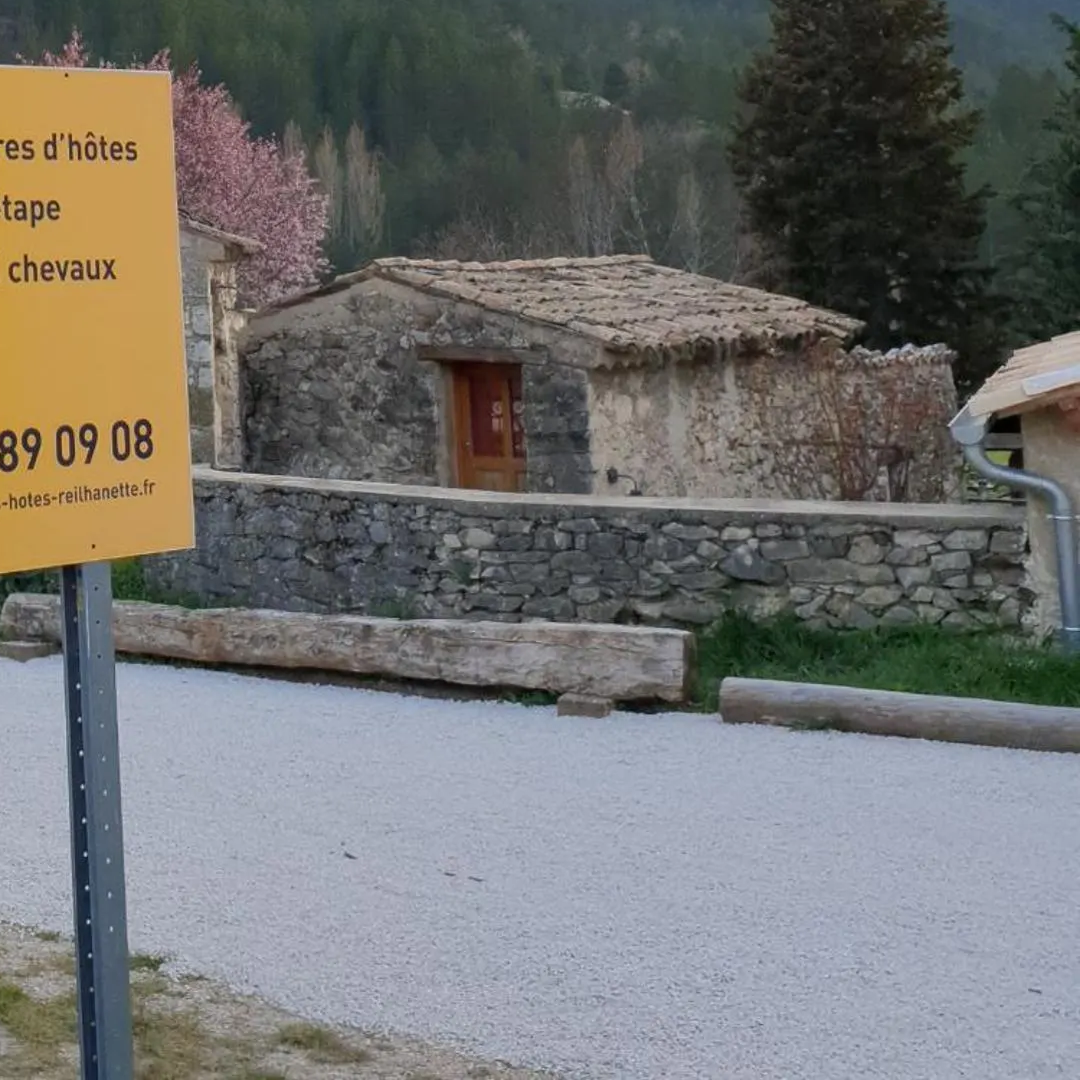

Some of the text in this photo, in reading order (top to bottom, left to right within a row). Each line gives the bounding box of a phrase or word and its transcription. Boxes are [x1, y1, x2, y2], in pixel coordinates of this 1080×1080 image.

[44, 131, 138, 161] d'hôtes
[8, 254, 117, 284] chevaux
[55, 422, 99, 468] 09
[111, 418, 155, 461] 08
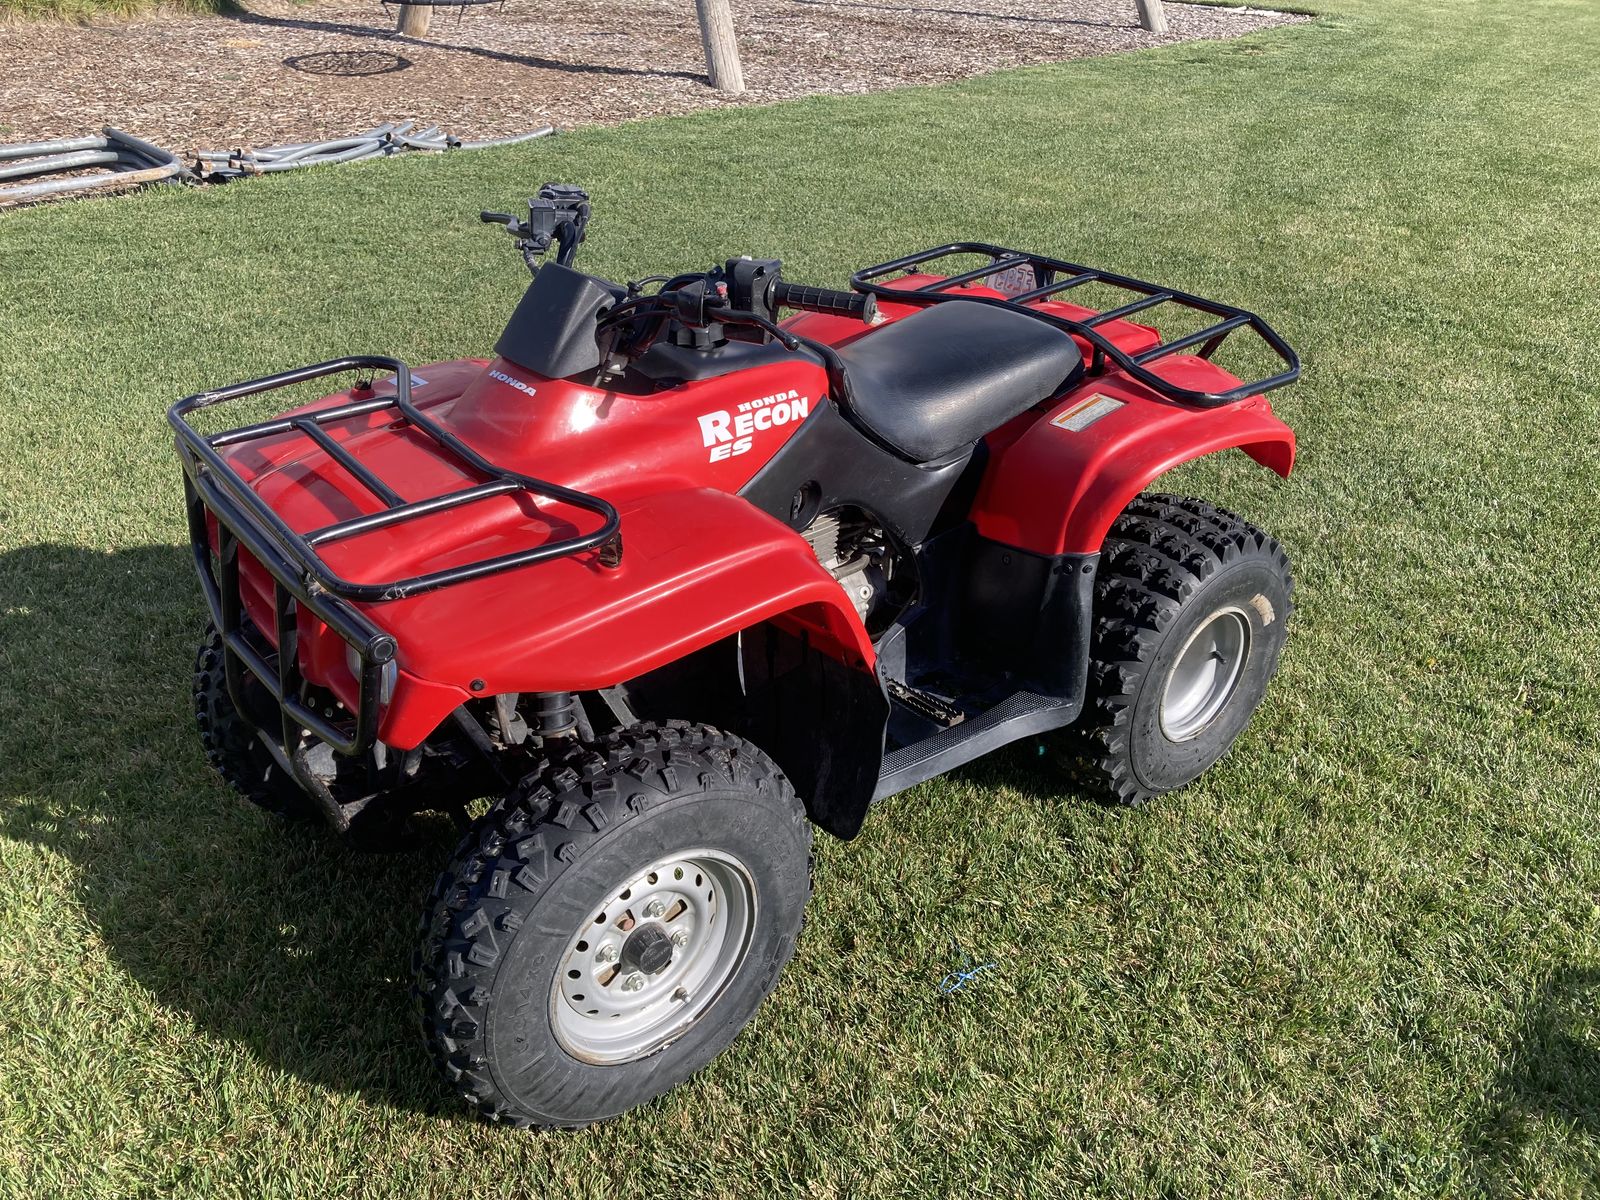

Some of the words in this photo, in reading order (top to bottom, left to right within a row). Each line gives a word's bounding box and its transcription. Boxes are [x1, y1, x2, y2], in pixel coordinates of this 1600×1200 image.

[489, 370, 537, 397] HONDA
[737, 390, 799, 412] HONDA
[697, 397, 808, 448] RECON
[709, 436, 752, 463] ES
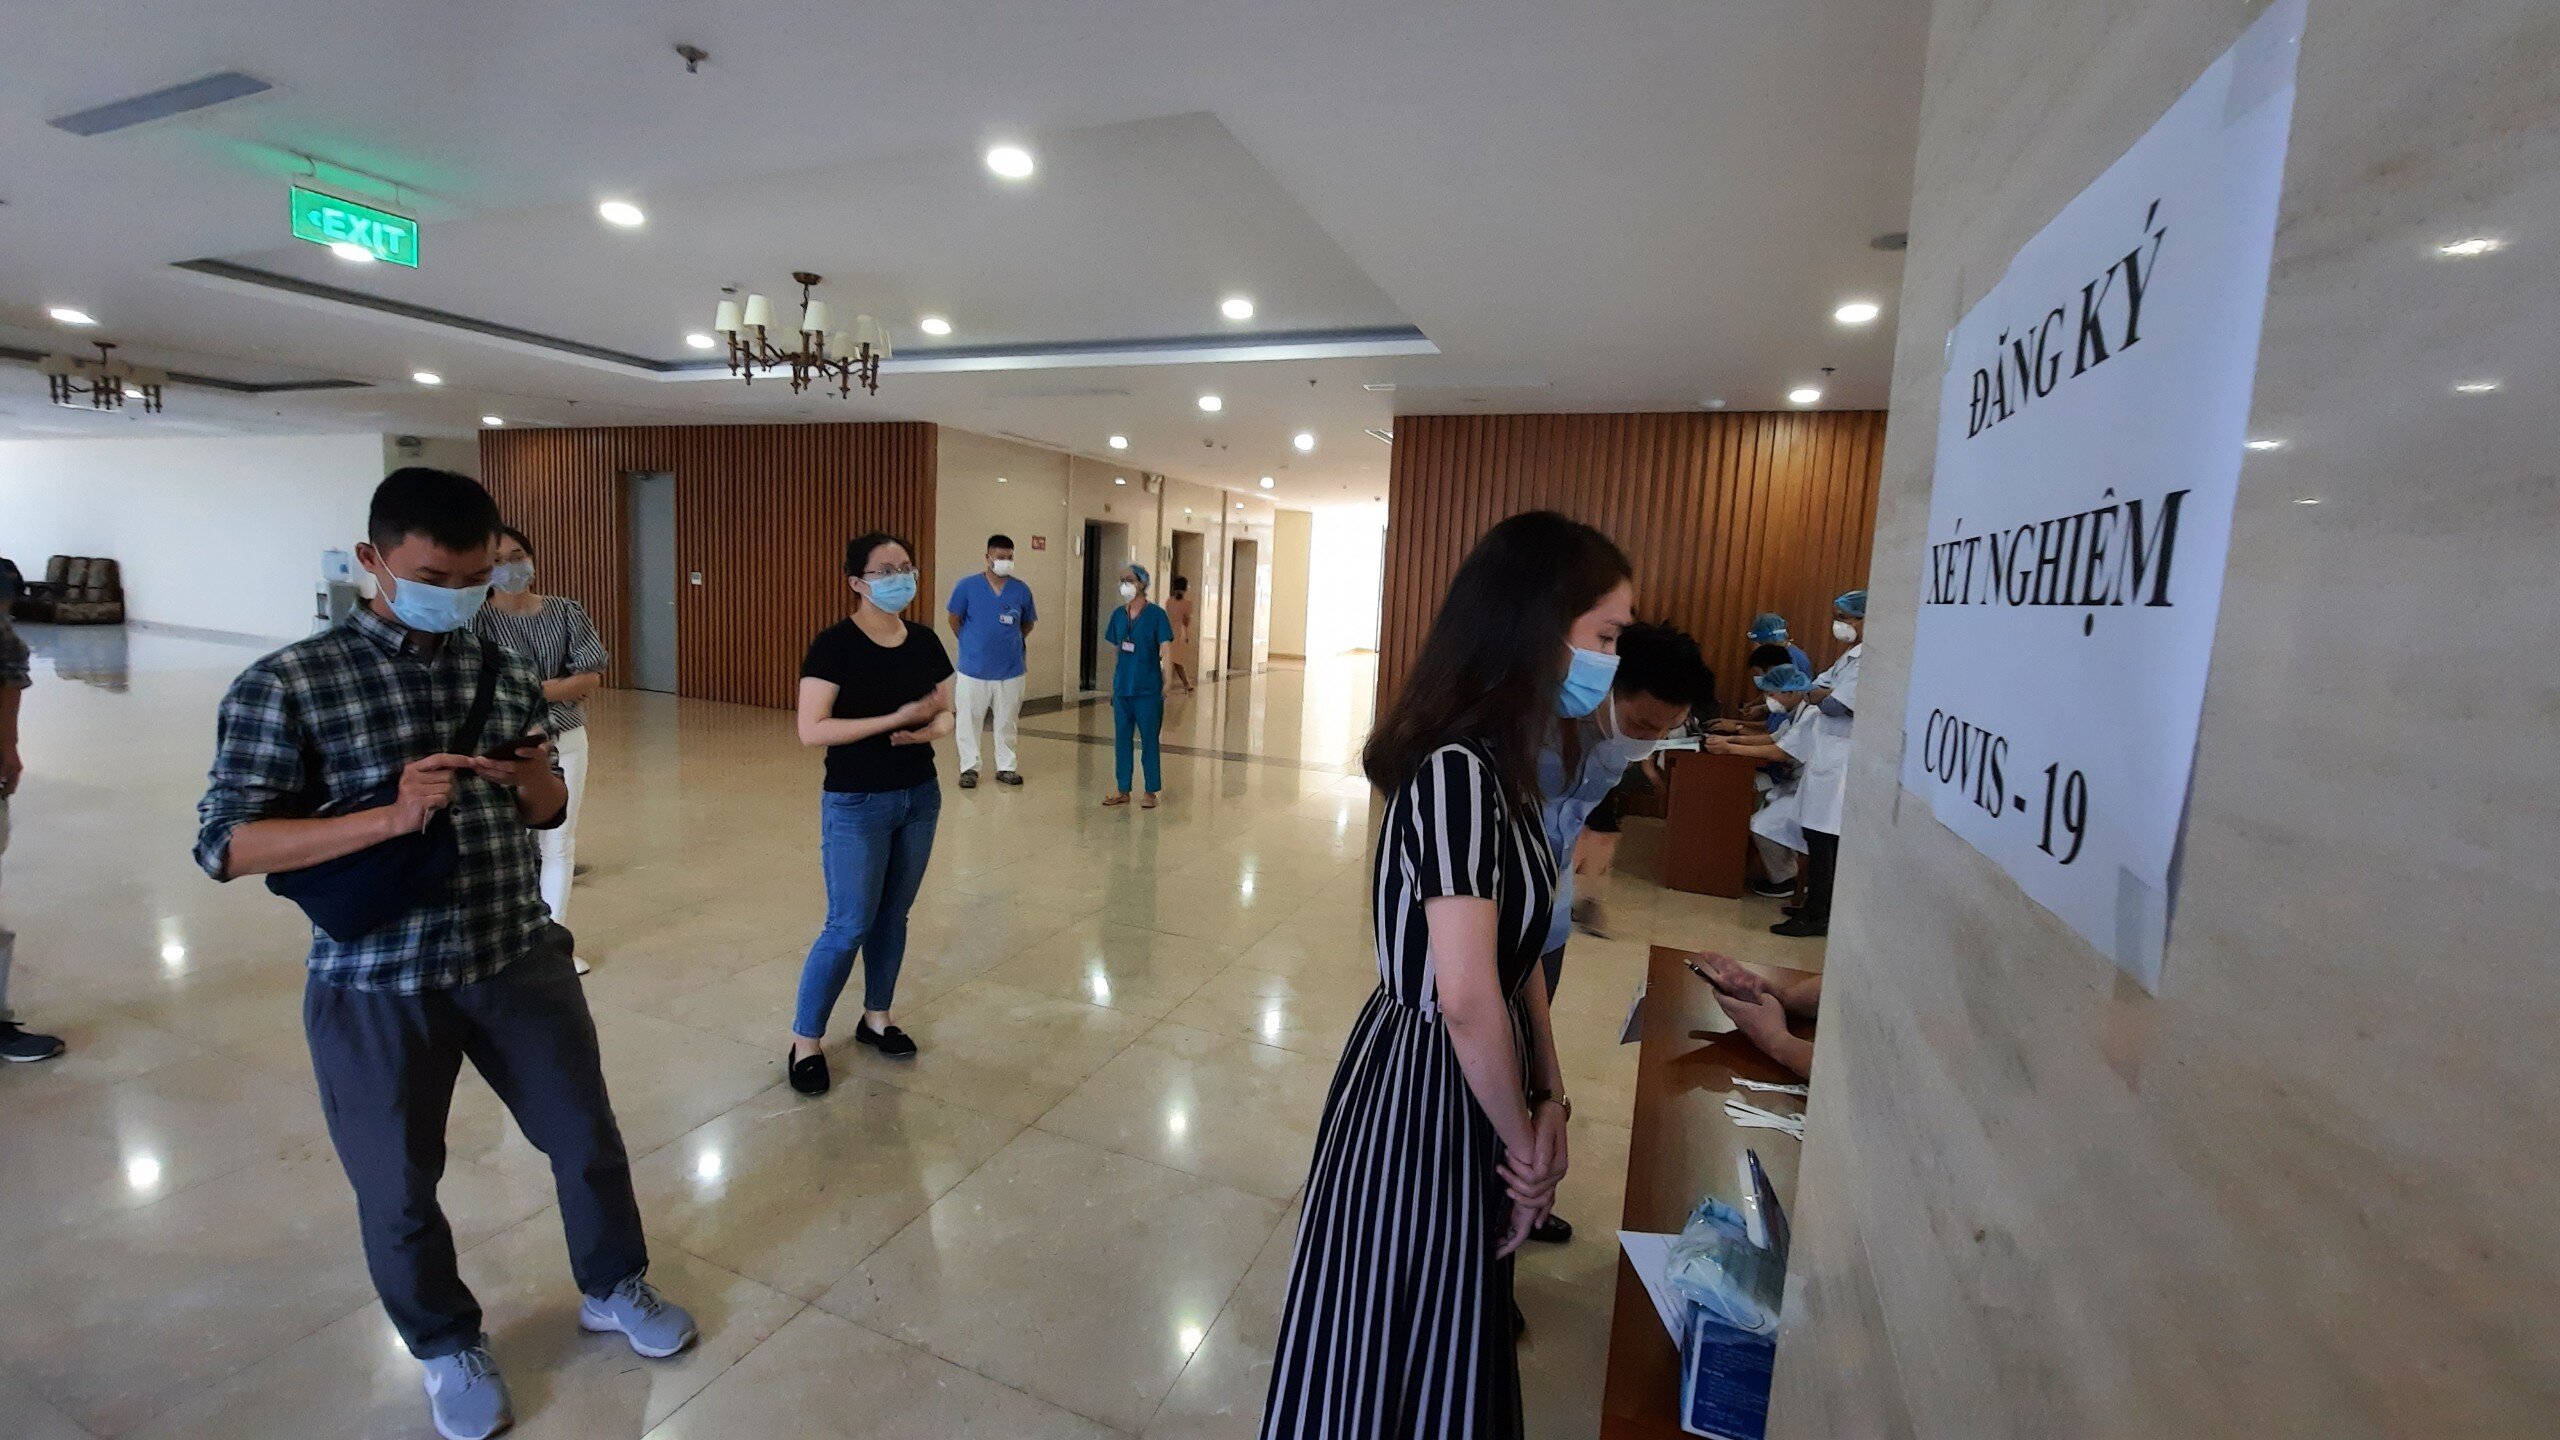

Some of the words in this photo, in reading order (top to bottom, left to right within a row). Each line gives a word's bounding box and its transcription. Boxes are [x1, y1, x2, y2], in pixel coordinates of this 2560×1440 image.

:::::

EXERCISE PROMPT: When an image appears in the data, skip it and output the rest exactly.

RESULT OF THE EXERCISE:
Some of the text in this photo, in reading order (top to bottom, left to right within a row). Each line gives the bounding box of a phrase or word and its transcription. Boxes are [x1, y1, x2, y2], in pixel coordinates of this 1080×1080 image.

[44, 131, 138, 161] d'hôtes
[8, 254, 117, 284] chevaux
[55, 422, 99, 468] 09
[111, 418, 155, 461] 08

Some of the words in this photo, in reading order (top to bottom, left to right within a row). Each line gives a word's bounding box and its transcription. Boxes are [x1, y1, x2, y2], in pixel coordinates of this 1600×1200 image.

[489, 370, 537, 397] HONDA
[737, 390, 799, 412] HONDA
[697, 397, 808, 448] RECON
[709, 436, 752, 463] ES

Some of the words in this photo, in reading order (top to bottom, left to right within a row). Each line gives a word's bounding box and its transcription. Boxes are [x1, y1, x2, y2], in pixel coordinates of this 2560×1440 image.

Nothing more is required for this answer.